Decision Date07 April 2022
Docket Number20 M 118
PartiesIn the Matter of the Search of Suppressed
CourtU.S. District Court — Northern District of Illinois
MEMORANDUM OPINION AND ORDER

GABRIEL A. FUENTES UNITED STATES MAGISTRATE JUDGE

The Court grants the motion (“the Motion”; D.E. 8) under 18 U.S.C. § 3006A(a)(1), to appoint counsel under the Criminal Justice Act (the Act) in this pre-indictment, pre-information matter in which the uncharged target (“the Target”) of the federal investigation is not in custody and wishes to negotiate a plea agreement with the government. Although the Motion is unopposed and undisputed (D.E. 13), the Court must ensure that the Act authorizes the requested relief. The magistrate judge's jurisdiction over this matter stems from 18 U.S.C. § 636(a)(1), in that the government initiated the matter by filing an application for a search warrant under Federal Rule of Criminal Procedure 41. (D.E. 1.)

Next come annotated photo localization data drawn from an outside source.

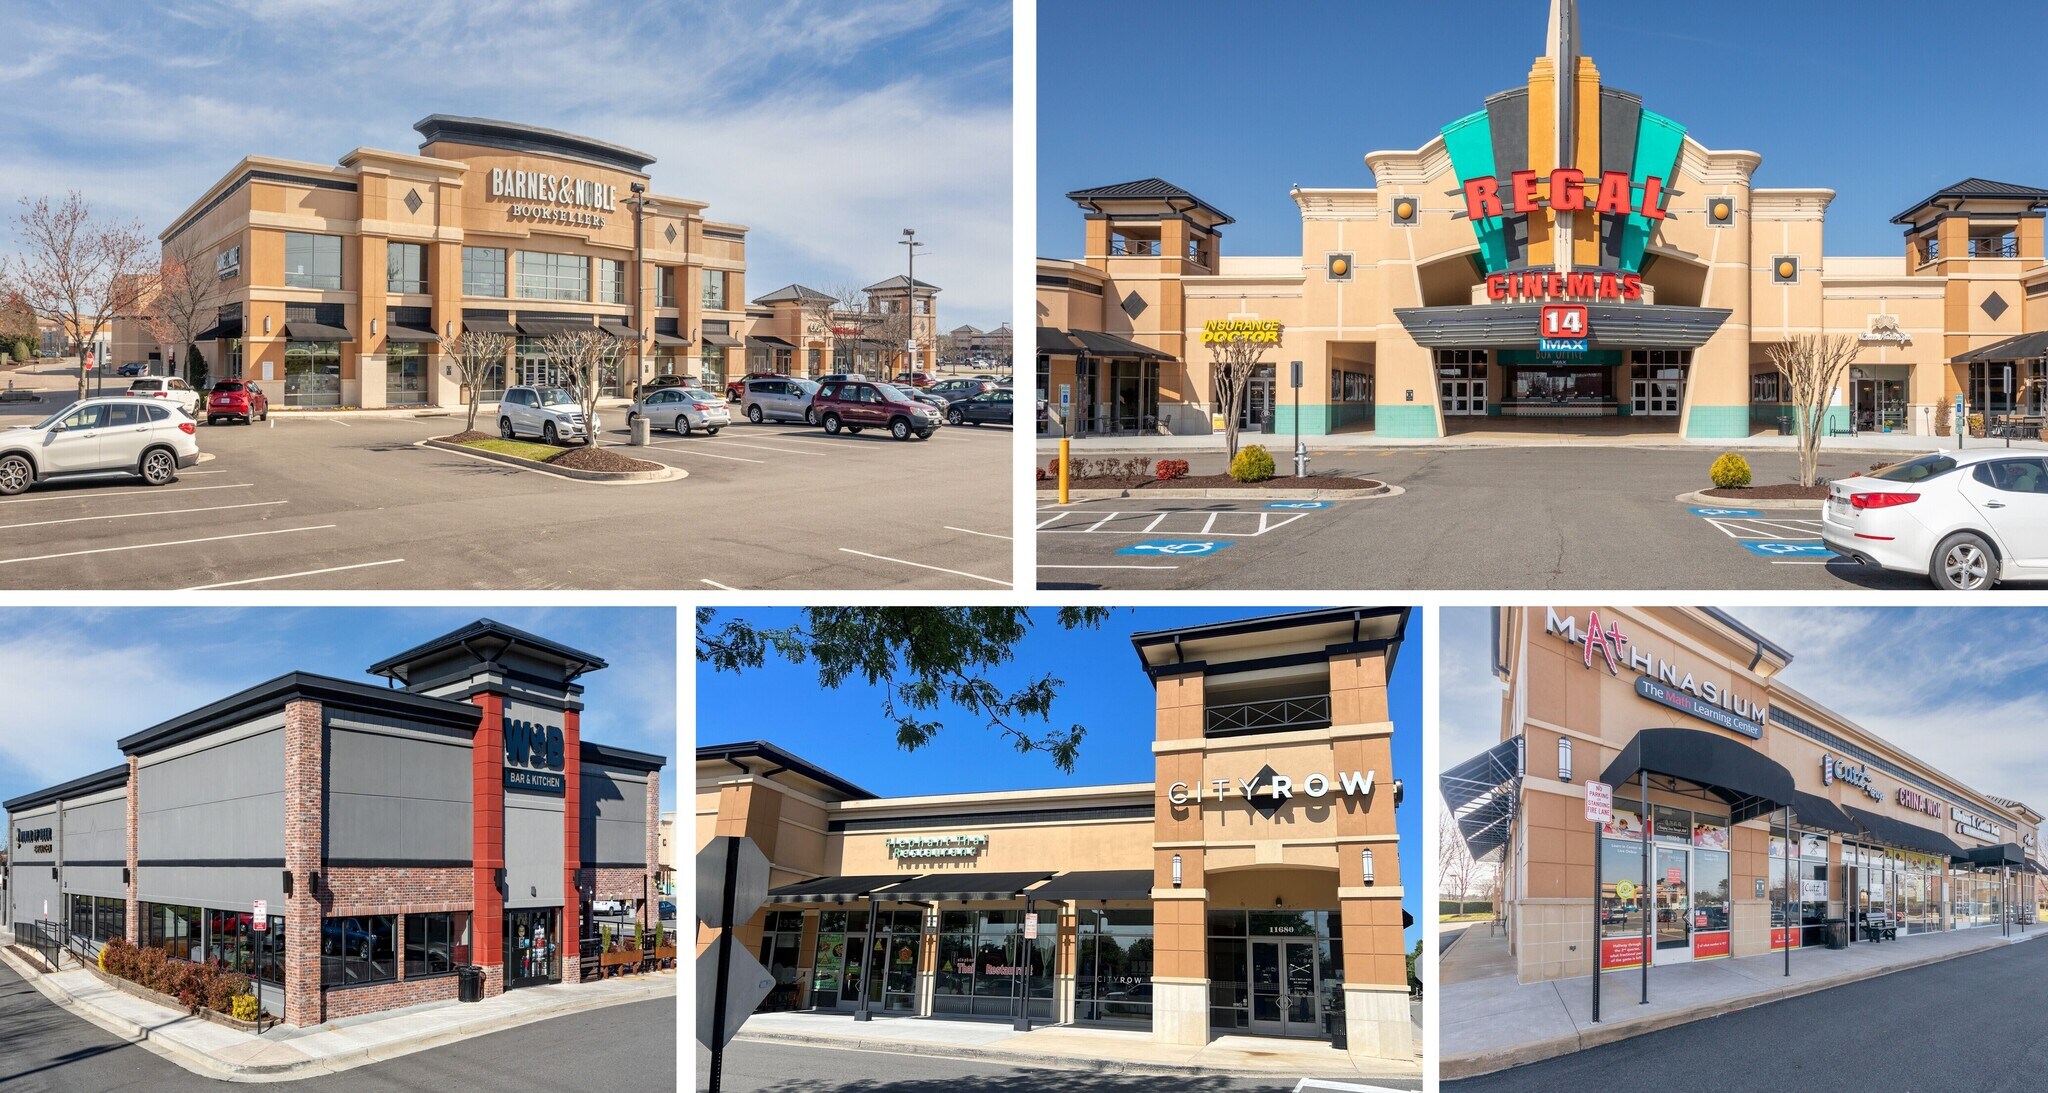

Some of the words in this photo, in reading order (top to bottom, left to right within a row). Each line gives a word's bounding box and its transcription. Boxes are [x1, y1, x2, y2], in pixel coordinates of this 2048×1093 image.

[1464, 168, 1667, 222] REGAL
[513, 203, 606, 227] BOOKSELLERS
[1486, 272, 1642, 300] CINEMAS
[1204, 319, 1280, 331] INSURANCE
[1546, 310, 1583, 333] 14
[1200, 331, 1279, 343] DOCTOR
[1542, 339, 1584, 350] IMAX
[1642, 680, 1664, 699] The
[1665, 690, 1691, 709] Math
[1693, 701, 1732, 727] Learning
[1733, 717, 1759, 735] Center
[510, 772, 525, 784] BAR
[526, 774, 531, 784] &
[532, 775, 560, 788] KITCHEN
[1589, 791, 1609, 799] PARKING
[1899, 787, 1924, 813] CHINA
[1587, 806, 1597, 814] FIRE
[1598, 808, 1610, 816] LANE
[1588, 800, 1610, 808] STANDING
[885, 836, 952, 850] Elephant
[957, 834, 988, 845] Thai
[893, 846, 977, 858] Restaurant
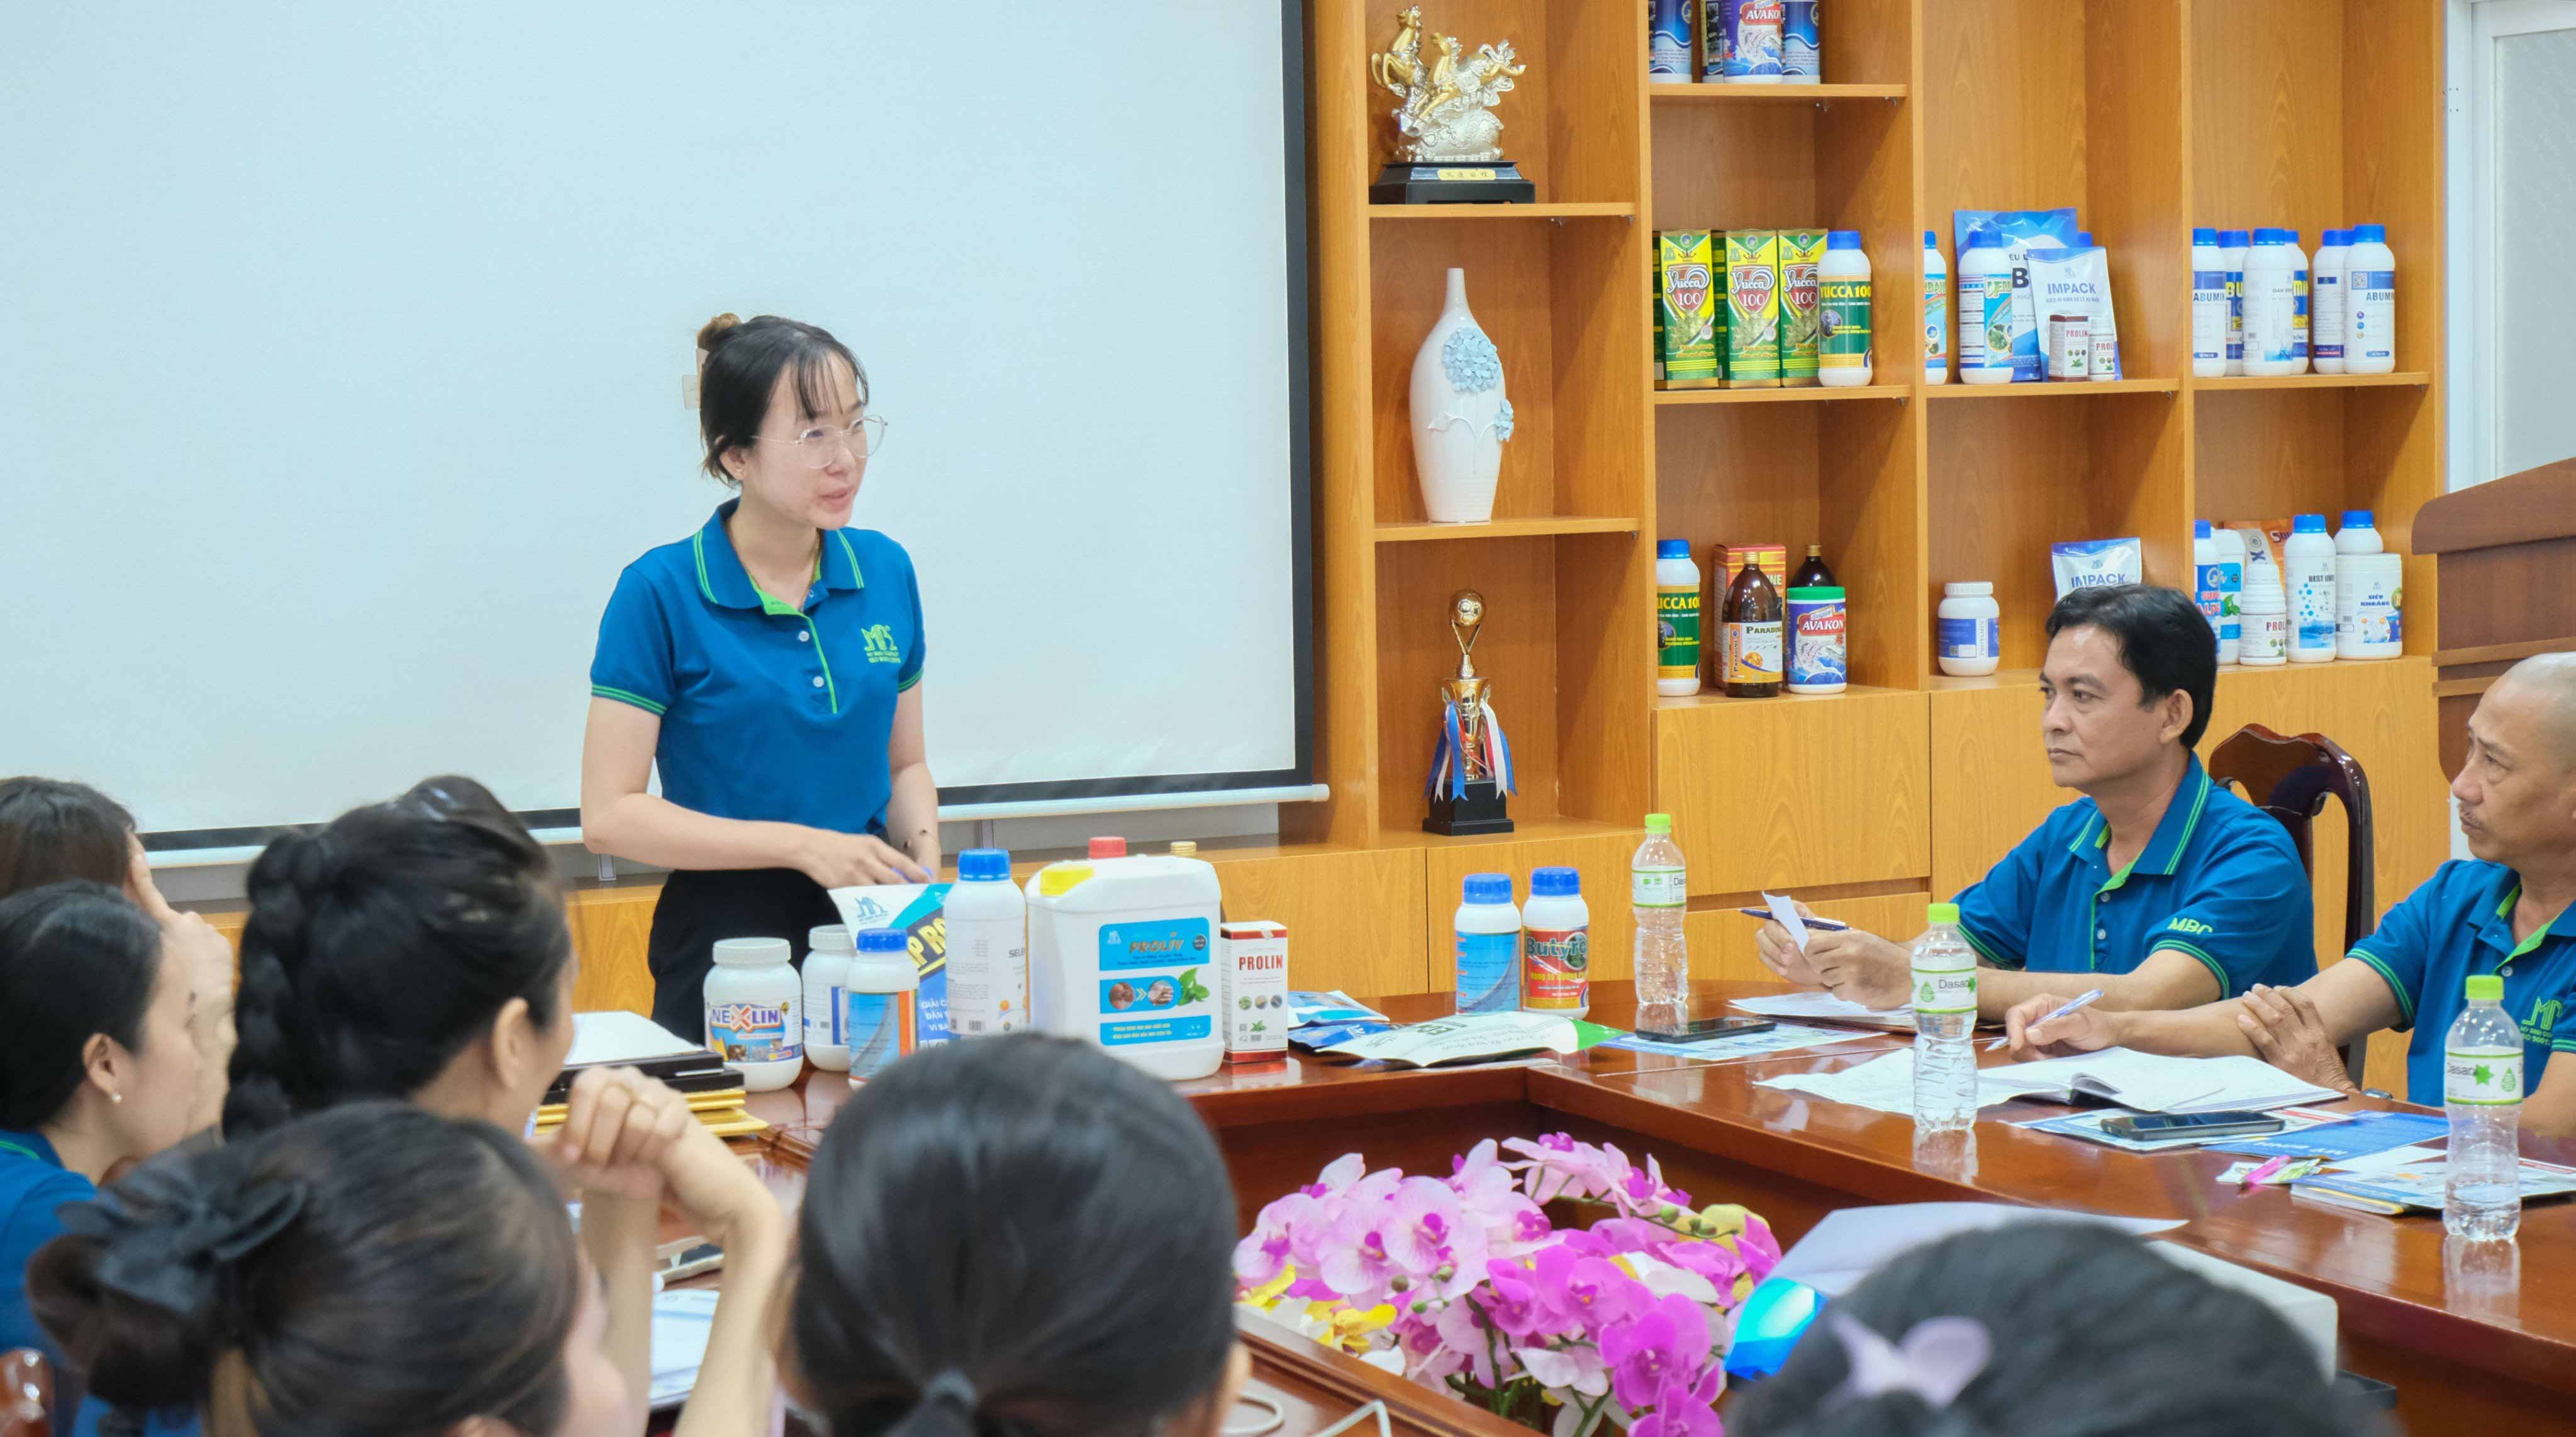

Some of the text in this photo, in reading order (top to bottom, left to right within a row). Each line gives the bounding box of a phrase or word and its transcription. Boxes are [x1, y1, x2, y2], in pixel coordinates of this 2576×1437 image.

Attorney representation “shall be provided for any financially eligible person who … is entitled to appointment of counsel under the sixth amendment to the Constitution.” 18 U.S.C. § 3006A(a)(1)(H). The Motion argues that the financially eligible Target is entitled to representation under the Sixth Amendment and thus under Section 3006(a)(1)(H). Supplemental Statement in Support of Motion for Appointment of Defense Attorney (“Supp.”); D.E. 11 at 1. The Motion also argues that the Target has statutory access to representation because he or she faces loss of liberty in a case, and federal law requires the appointment of counsel.” Id., citing 18 U.S.C. § 3006A(a)(1)(I). The Court has decided the Motion based on the Target's entitlement to appointment of counsel under the Sixth Amendment per Section 3006A(a)(1)(H) during plea negotiations before the lodging of a formal charge.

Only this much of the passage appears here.